JCS - IETF-104 Report
There were in total 100 minutes of meeting time (including a 1 hour side meeting with 10+ participants) devoted to JCS at IETF-104. Here is a list of issues raised during these meetings. I have taken the liberty commenting them here.

For those who are not familiar with JCS (https://tools.ietf.org/html/draft-rundgren-json-canonicalization-scheme-06), the core rationale is simply "keeping JSON as JSON even when signed".

1. The need for clear text messages is a weak argument
The recommended use of the current IETF JSON signature solution (JWS) is that you: None of the Open Banking systems out there have to date chosen this route; they all build on variants using detached signatures and clear text JSON data. That none of them utilize JCS is quite logical since JCS (correctly) is not perceived as a standard.
2. Canonicalization introduces security vulnerabilities

If a canonicalization scheme is incorrectly implemented (irrespective in which end), the likely result is that signatures will not validate. Broken signatures in similarity to any other input error, including missing or incorrectly formatted data should in a properly designed application lead to a rejected message/application failure. The core of a JCS implementation is typically only a couple of kilobytes of executable code making it reasonably easy to verify for correctness.

It has been mentioned that clear text data will tempt developers into trusting (=acting upon) received data without verifying signatures. JCS obviously does not come with a cure for naïve developers. See JCS Security Considerations.

In fact, the absence of clear text signatures also creates security issues as shown by the following example from IETF's Trusted Execution Protocol WG:

https://tools.ietf.org/html/draft-ietf-teep-opentrustprotocol-02

The top element "[Signed][Request|Response]" cannot be fully trusted to match the content because it doesn't participate in the signature generation. However, a recipient can always match it with the value associated with the property "payload". It purely serves to provide a quick reference for reading and method invocation.

By using JWS with JCS the need for artificial holder objects and associated matching requirements disappear, while message content is provided in clear.
3. Number serialization is a huge problem
I clearly underestimated this part when I started with JCS back in 2015, but recently fast, open sourced and quite simple algorithms have been developed making number serialization according to JCS/ES6 in scope for any platform. Extensive test data is publicly available.
4. You should have stayed with the ES6 predictive parsing/serialization scheme
That had been cool but the sentiment among other JSON tool vendors was that "ECMA got it all wrong" so I was forced to select another and more conventional route. Fortunately, the revised scheme turned out to be very simple to get running in other platforms including Go, Python, C# and Java/Android, while leaving parsers and serializers unchanged. The original concept would OTOH require a total rewrite of the entire JSON landscape. Sometimes "pushback" is just good 😀
5. You need a data model
JCS builds on the same a bare-bones data model for primitives as JSON (null, true, false, Number, String), albeit with a couple of constraints: This is all what is needed with respect to data models for creating reliable and interoperable "hashable" JSON. Existing JSON-based systems use external mappings to emulate missing data types like int32, DateTime, Money, Binary and similar.
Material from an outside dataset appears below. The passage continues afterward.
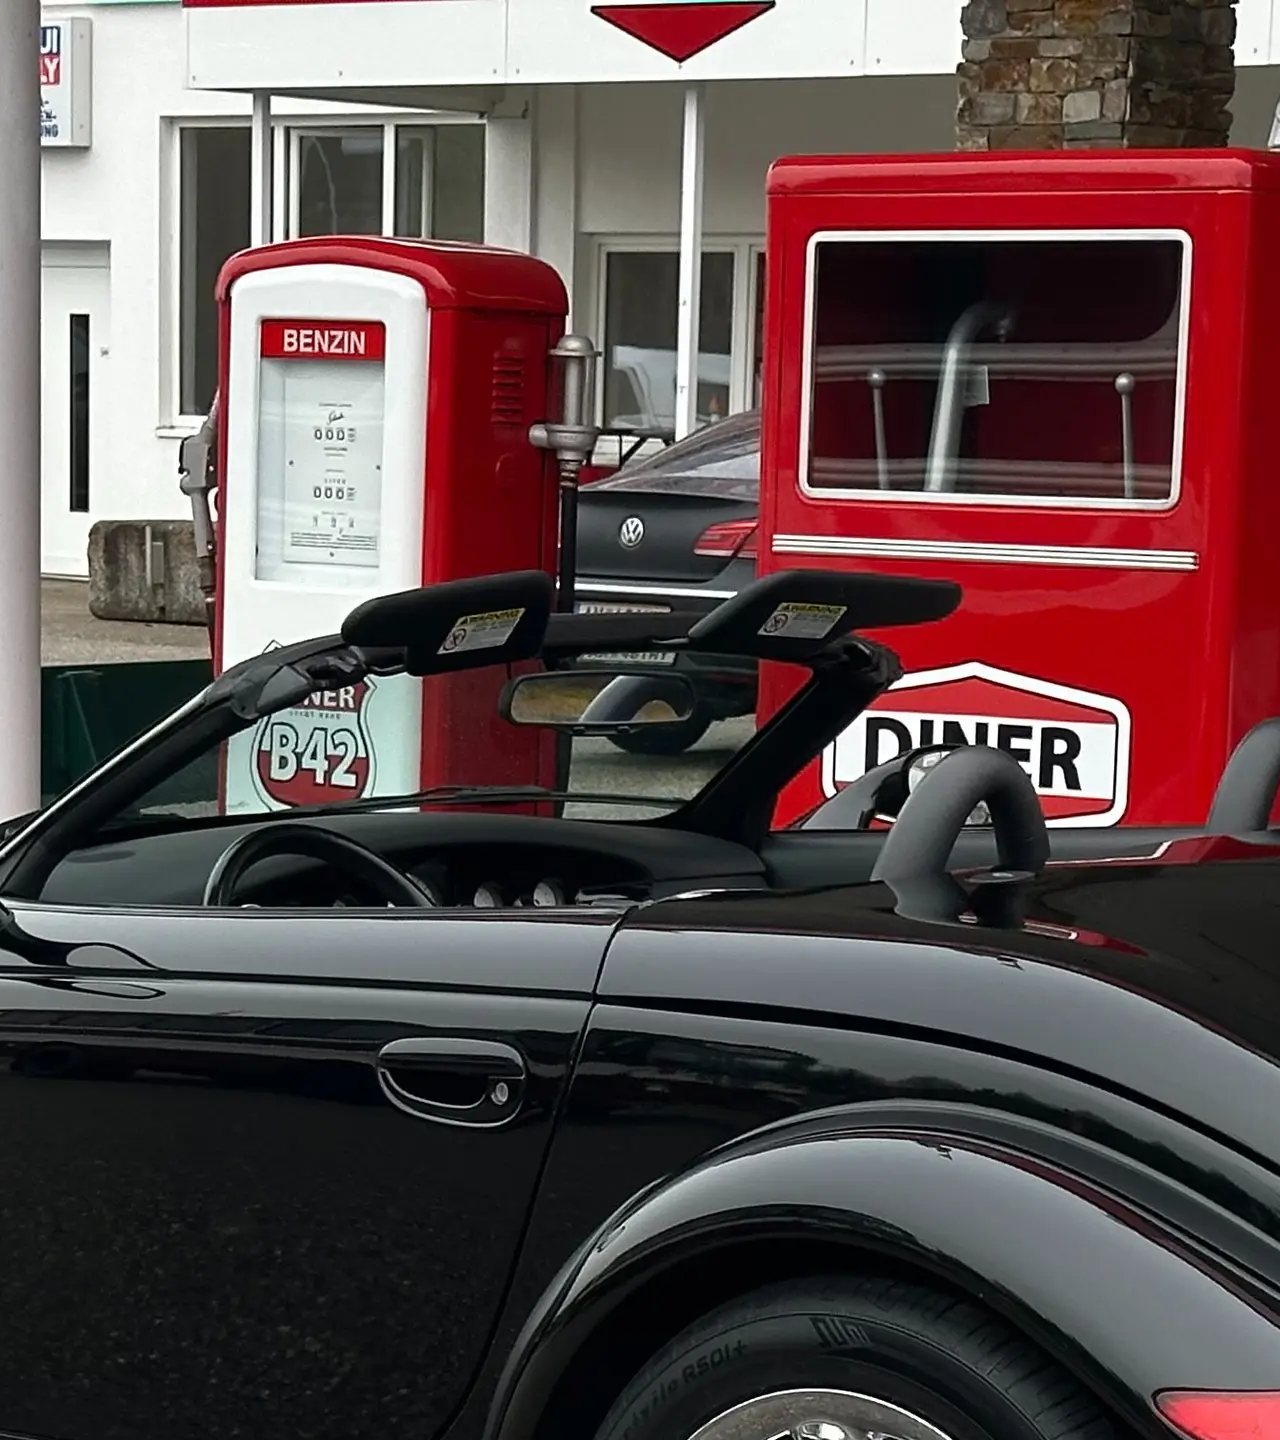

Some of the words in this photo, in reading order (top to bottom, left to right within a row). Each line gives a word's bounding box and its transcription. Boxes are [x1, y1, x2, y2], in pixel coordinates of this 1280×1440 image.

[283, 328, 365, 354] BENZIN
[303, 685, 355, 709] NER
[268, 722, 359, 790] B42
That not all JSON applications use the same conventions do not seem to have hampered the popularity and ubiquity of JSON. Standardizing external mappings is another [possible] IETF activity, not related to JCS.
6. I-JSON (JCS builds on that) only says SHOULD for IEEE-754 while JCS says MUST
That is correct but if you for example send 64-bit integers expressed as JSON Numbers to JavaScript based systems, applications will typically break every now and then since the inherent precision is only 53 bits. JCS was designed to also be fully JavaScript compatible.
7. XML canonicalization was a disaster

JCS is not a fullblown canonicalization scheme like XML's C14; it is a (fairly rudimentary) serialization method.

A proper and fair evaluation should be based on the actual draft rather than bad experiences from the XML era which BTW also were due to other factors such as Namespaces, Default values, SOAP and an elaborate WS* stack which indeed took years to get fully interoperable between vendors.